Cost benchmark 2026: AI scraping per 10,000 pages

AI scraping cost in 2026 is the single most asked question by every team evaluating the move from traditional Playwright pipelines to LLM-driven approaches. Engineering managers want a number. CFOs want a number. The honest answer is that the number depends on your target, your model, your proxy mix, and your engineer’s prompt skill, but you can pin it within a tight range with the right benchmarks. That is what this guide gives you.

We ran the same scraping task (extract product title, price, currency, stock from a real ecommerce listing) on 10,000 pages across 5 different AI scraping approaches and 3 traditional baselines. Numbers below are from production runs in March and April 2026, billed by the actual platforms.

What we tested

Target: a mix of 10,000 product pages from Lazada Singapore, Shopee Singapore, and Amazon US. Roughly equal split. Real URLs, real bot defenses, real ecommerce HTML.

Schema: title (string), price (number), currency (3-letter code), in_stock (boolean). All fields required.

Proxies: rotating residential pool with around 50,000 IPs. Same pool for every test.

Compute: each setup ran on its native infrastructure (self-hosted Playwright on a Fargate task, Browserbase via their cloud, Scrapybara via theirs).

Success criterion: returned record passes Pydantic validation against the schema.

Headline numbers

Approach	Total cost per 10,000 pages	Successful extractions	Cost per success
Self-hosted Playwright with hand-tuned selectors	$25	9,640	$0.0026
Self-hosted Playwright with GPT-4o-mini extraction	$90	9,810	$0.0092
Stagehand with GPT-4o-mini	$310	9,650	$0.032
browser-use with GPT-4o-mini	$390	9,580	$0.041
Browserbase + Stagehand with GPT-4o-mini	$410	9,720	$0.042
Browserbase + Stagehand with GPT-4o	$1,950	9,830	$0.198
browser-use with Claude Sonnet 4.5	$510	9,640	$0.053
Anthropic Computer Use with self-hosted browser	$2,100	9,810	$0.214
OpenAI Operator API with self-hosted browser	$2,750	9,720	$0.283

The cheapest approach (hand-tuned Playwright) costs about 100x less than the most expensive (Operator API).
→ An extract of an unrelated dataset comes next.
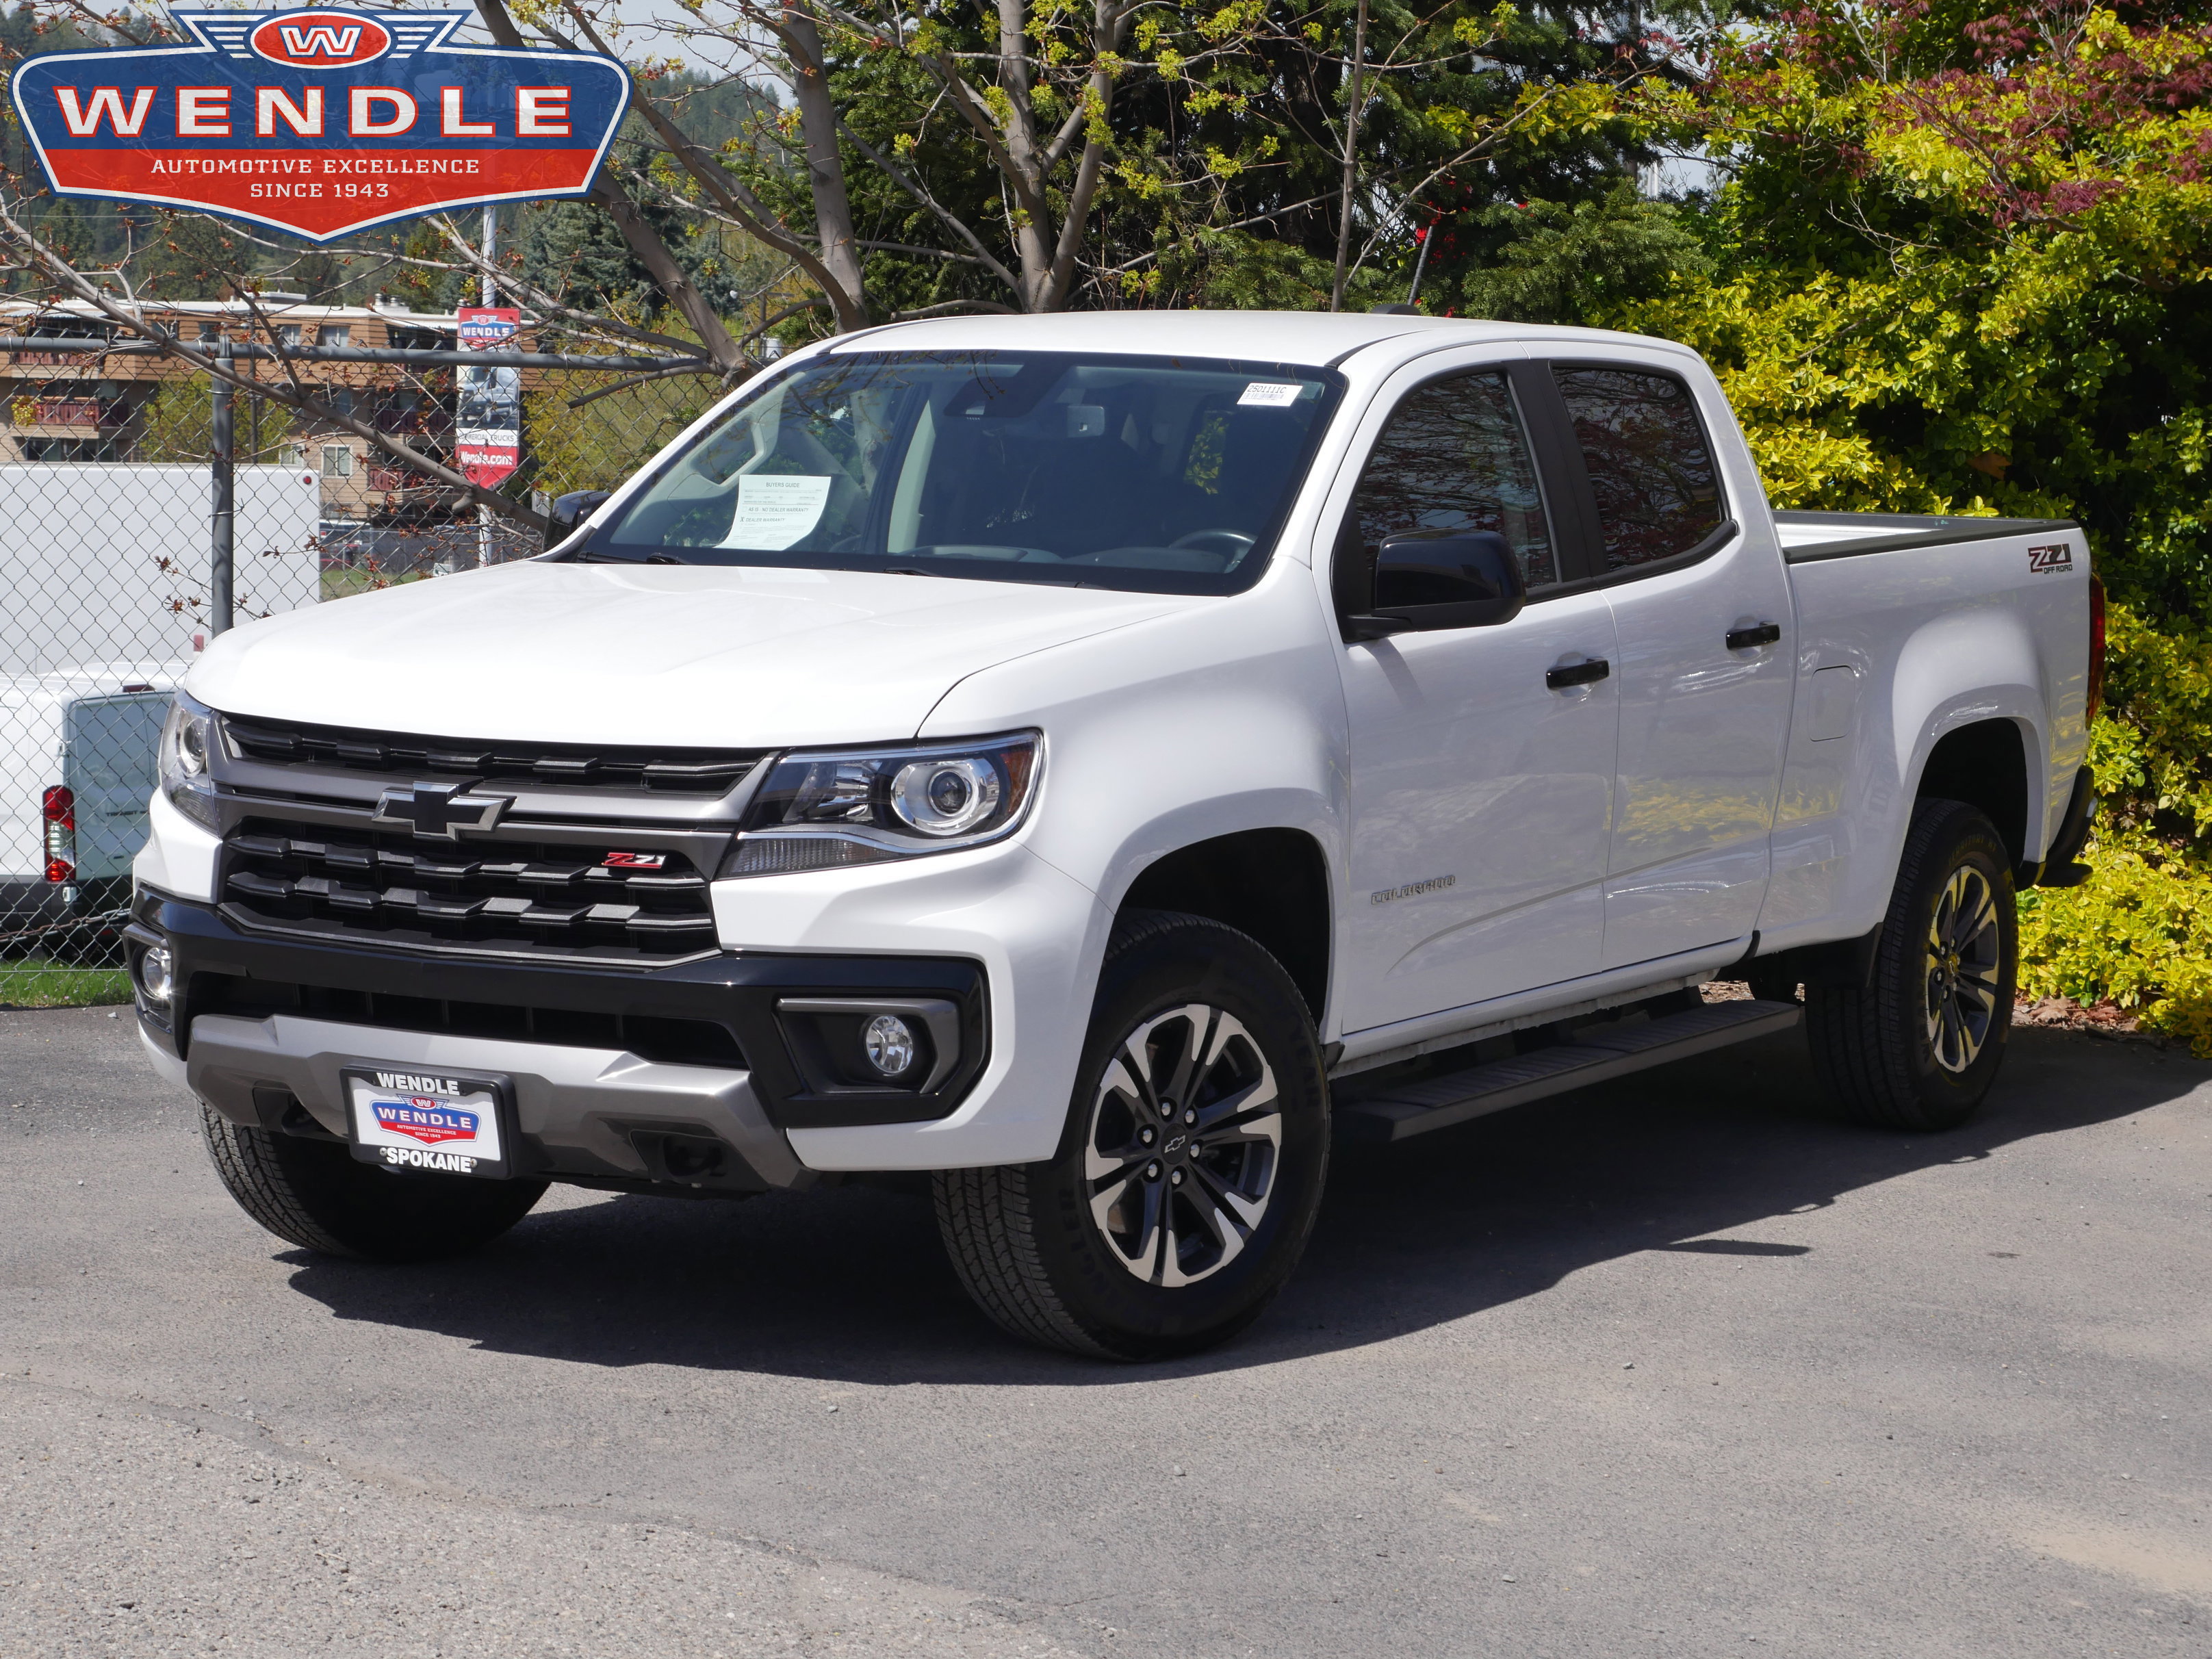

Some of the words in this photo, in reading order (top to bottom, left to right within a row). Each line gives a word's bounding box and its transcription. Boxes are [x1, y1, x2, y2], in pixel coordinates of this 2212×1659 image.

Both produce useful data. The decision is about engineering trade-offs, not pure cost.

Cost breakdown components

Every AI scraping cost has four parts:

Compute: the headless browser runtime
Proxy: residential or mobile IP traffic
LLM tokens: the agent loop and extraction
Engineering time: not counted in the table above but real

For 10,000 pages on a typical AI scraping setup:

Component	Cost
Compute (Browserbase or self-hosted)	$40-$80
Proxy (residential, ~5MB per page)	$50-$200
LLM tokens (GPT-4o-mini for extraction)	$30-$60
LLM tokens (full agent loop)	$200-$400

Proxies are the largest line item for many setups, not LLMs. Optimize your proxy mix first.

Methodology notes

The benchmark ran each setup over 4 hours with the same 10,000 URL list. Failures were retried once with the same setup; failures after retry were counted as failures and the cost of both attempts is included in the total.

Each setup ran with default settings of the framework, then a “tuned” pass after spending 30 minutes optimizing prompts, schemas, and timing. The numbers reported are from the tuned pass. Untuned numbers were 30 to 60 percent higher across the board, which is itself a useful data point: out-of-the-box AI scraping is more expensive than necessary.

Currency: all costs in USD as of April 2026. Vendor pricing changes; re-run your own benchmarks before committing to a multi-quarter setup.

Cost-quality trade-off

Cheap setups extract correctly most of the time. Expensive setups extract correctly almost always. The question is whether the last 1-2 percent is worth 10x the cost.

For low-stakes data (price monitoring, casual research), use the cheap setup and accept the error rate. For regulated, decision-critical data (financial information, healthcare), spend the money for the higher-quality extraction.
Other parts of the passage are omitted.